The obsession with that which is both negative and recent by the news is also without exception. The news constantly covers the negative aspects of the human race, such as the Neo-Nazis and terrorists, but are quick to neglect those that are making a difference. What about those cleaning up oceans and promoting love? The intrinsically good, law abiding, friendly, neighbourly people in the world? What is negative about the world is quick to trample on that which is good. Not only this, but the news is highly focussed on what has taken place at any immediate moment. The obsession with what is recent means that the global population misses out on developing news such as growing struggles with oppression, changes in society, the development of third world countries or the repair of a country after natural disaster – all events which are important.
The issue is however, that the people get what the people demand.

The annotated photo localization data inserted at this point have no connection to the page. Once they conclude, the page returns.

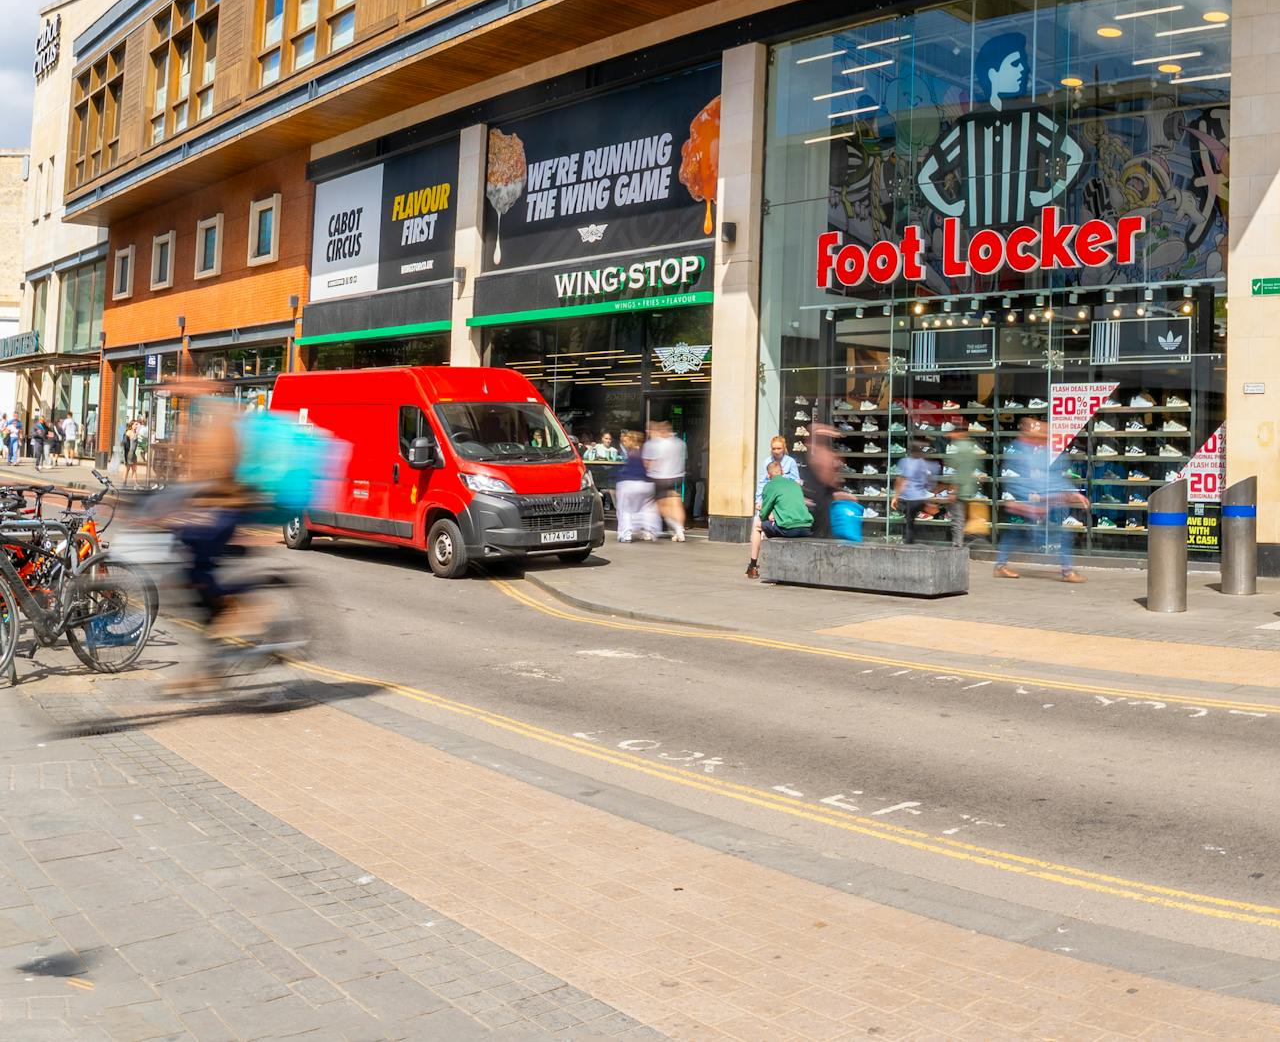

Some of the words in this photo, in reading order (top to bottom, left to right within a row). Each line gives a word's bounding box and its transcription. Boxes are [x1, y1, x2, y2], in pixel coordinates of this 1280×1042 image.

[527, 153, 580, 193] WE'RE
[581, 132, 673, 180] RUNNING
[391, 182, 451, 222] FLAVOUR
[526, 189, 556, 223] THE
[560, 177, 611, 217] WING
[614, 166, 673, 207] GAME
[328, 207, 363, 238] CABOT
[401, 213, 438, 246] FIRST
[326, 232, 363, 263] CIRCUS
[816, 225, 926, 289] Foot
[943, 206, 1146, 277] Locker
[642, 298, 660, 307] FRIES
[666, 295, 697, 304] FLAVOUR
[1053, 397, 1076, 415] 20
[1190, 473, 1217, 493] 20
[1187, 517, 1202, 526] AVE
[1203, 518, 1217, 526] BIG
[1189, 527, 1210, 536] WITH
[1196, 536, 1218, 545] CASH
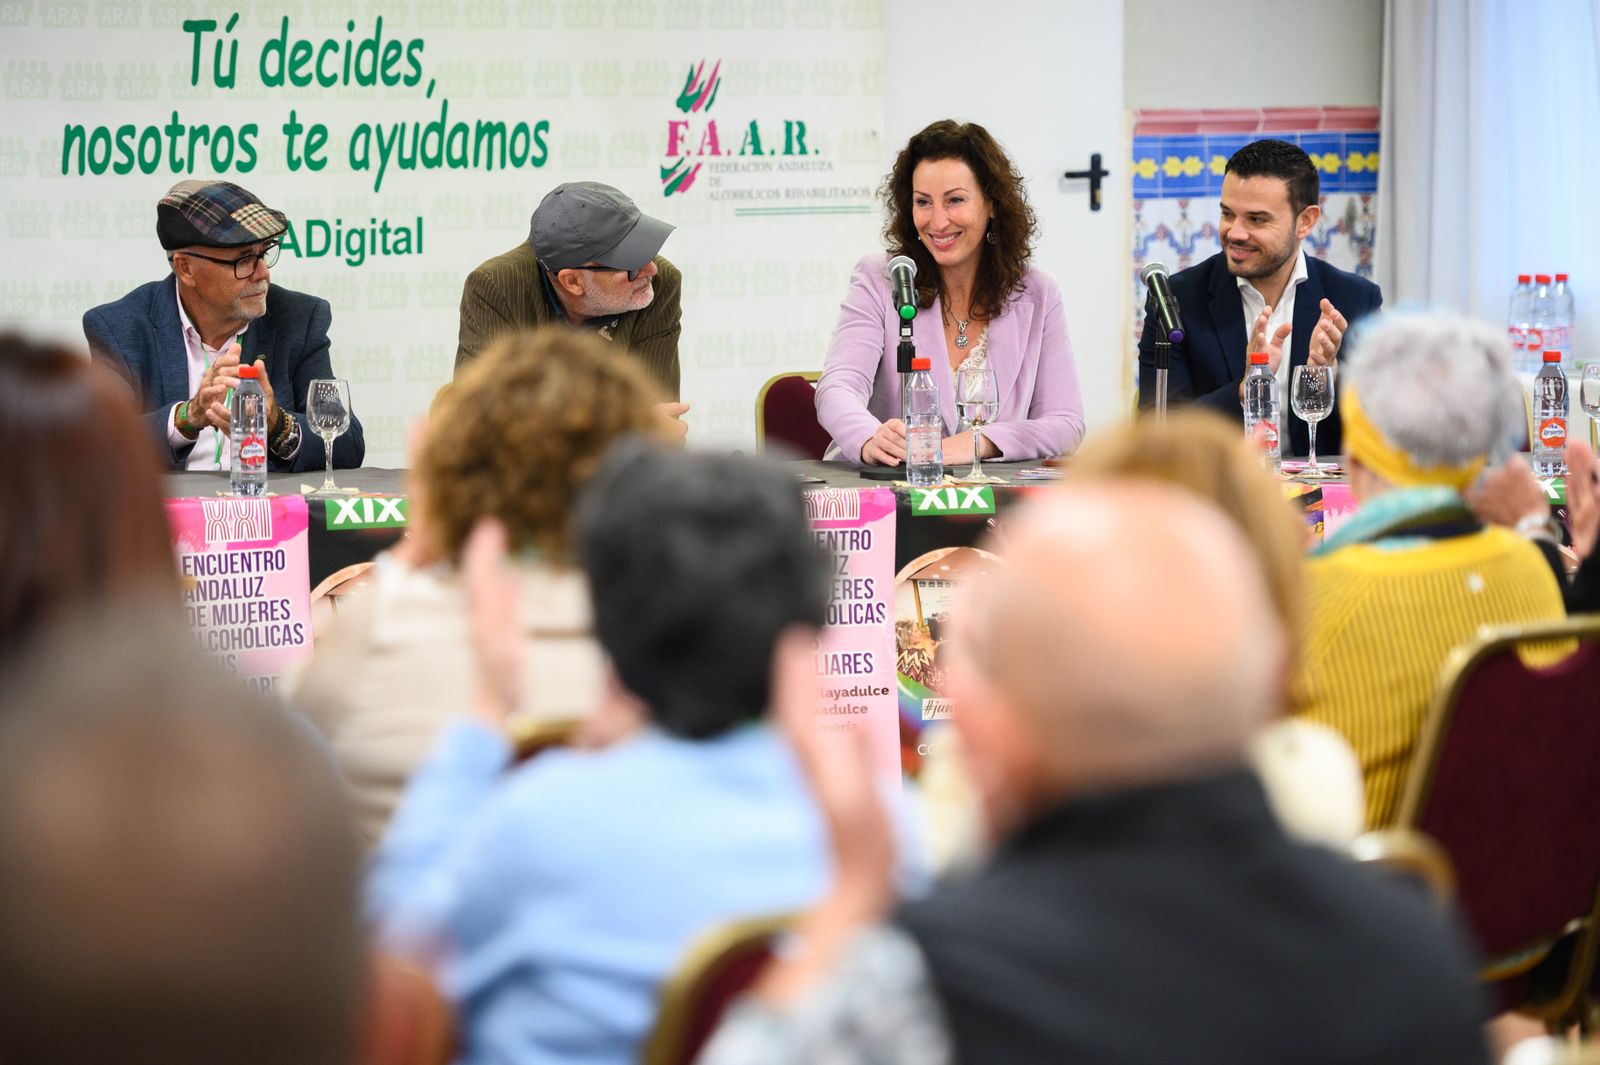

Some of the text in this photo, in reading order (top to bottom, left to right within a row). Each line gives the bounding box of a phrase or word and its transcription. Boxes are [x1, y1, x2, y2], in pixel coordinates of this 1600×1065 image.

[2, 6, 26, 22] RA
[46, 8, 81, 25] ARA
[101, 8, 136, 24] ARA
[183, 12, 436, 99] Tú decides,
[8, 78, 45, 96] ARA
[65, 79, 99, 97] ARA
[119, 80, 153, 97] ARA
[61, 98, 550, 193] nosotros te ayudamos
[777, 160, 834, 172] ANDALUZA
[708, 176, 721, 187] DE
[279, 217, 423, 267] ADigital
[918, 487, 990, 511] XIX
[201, 500, 273, 544] XXI
[333, 498, 406, 525] XIX
[812, 529, 872, 551] ENTRO
[182, 549, 286, 577] ENCUENTRO
[212, 598, 291, 627] MUJERES
[815, 652, 874, 676] LIARES
[821, 685, 890, 701] layadulce
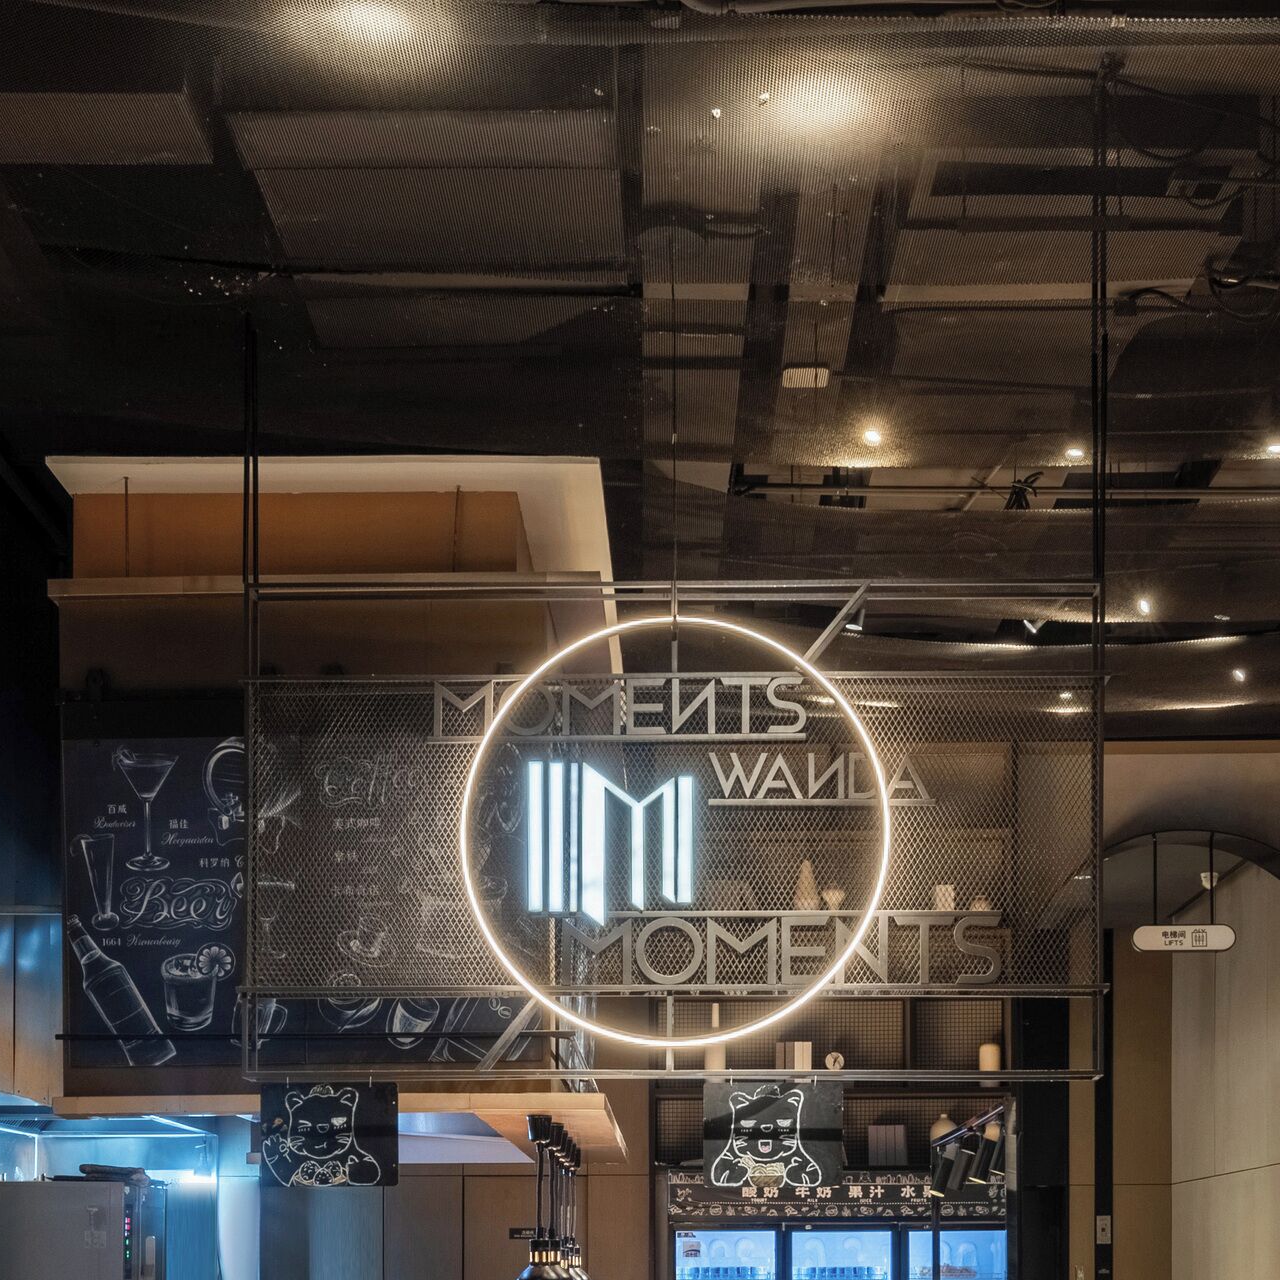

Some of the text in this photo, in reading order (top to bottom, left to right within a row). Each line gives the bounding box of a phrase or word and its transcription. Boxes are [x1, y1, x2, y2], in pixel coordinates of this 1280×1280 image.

[708, 752, 930, 798] WANDA
[108, 804, 127, 814] 百威
[169, 819, 190, 829] 福佳
[121, 877, 232, 928] Beer
[1162, 931, 1186, 939] 电梯间
[562, 916, 1003, 985] MOMENTS
[742, 1187, 779, 1198] 酸奶
[795, 1187, 832, 1198] 牛奶
[849, 1186, 885, 1198] 果汁

Whilst news is becoming evidently toxic – to a degree – it is on behalf of the consumers. Taken from the 2019 Digital News Report: Australia, more Australian news consumers (34%) would rather invest in an online video streaming service than online news (9%). Not only this, but Australians appear wholly dissatisfied with the state of the news, with only 25% saying that the stories are relevant to them, 44% saying that it is too negative too often, and less than a mere 45% thinking that news companies hold the powerful to account.
The greatest issue is perhaps, that news companies believe that what they’re producing promotes satisfaction within their consumers. This is however incorrect, with current news making us weary of our neighbours and cementing stigmas and stereotypes. Ultimately, it is making us unhappy. The sensationalism of today’s news makes its consumers beg the question “why and how did we not see this coming?”, but really, it has been happening all this time and no one was told of the series of events that lead to one monumental event.
It can be argued that news has always been recording and reporting in this sensational, negative way, however, a new RAND Corporation report (2019) has revealed that over the past thirty years, journalism has shifted its content focus to more subjective, opinion-based pieces. They especially rely on triggering the emotions of their audiences, and argumentation. The most recent RAND Corporation report focusses on “Truth Decay”, defined as “the diminishing role that facts, data, and analysis play on today’s political and civil discourse”. This twenty-eight-year study proves that the factual and ‘genuine’ reporting of news has been lost.
With the thousands of news platforms that can be found at the click of a button, it is difficult to find a news source that is as ‘genuine’ and objective as the news was thirty years ago. Not only this, but the ‘fake news’ that is constantly circulating social media is making it difficult to know what to care about, and what to ignore. Accurate information is intrinsically vital and to become a better informed and free minded population, there needs to be an emphasis on what we really need and want to be seeing on the news.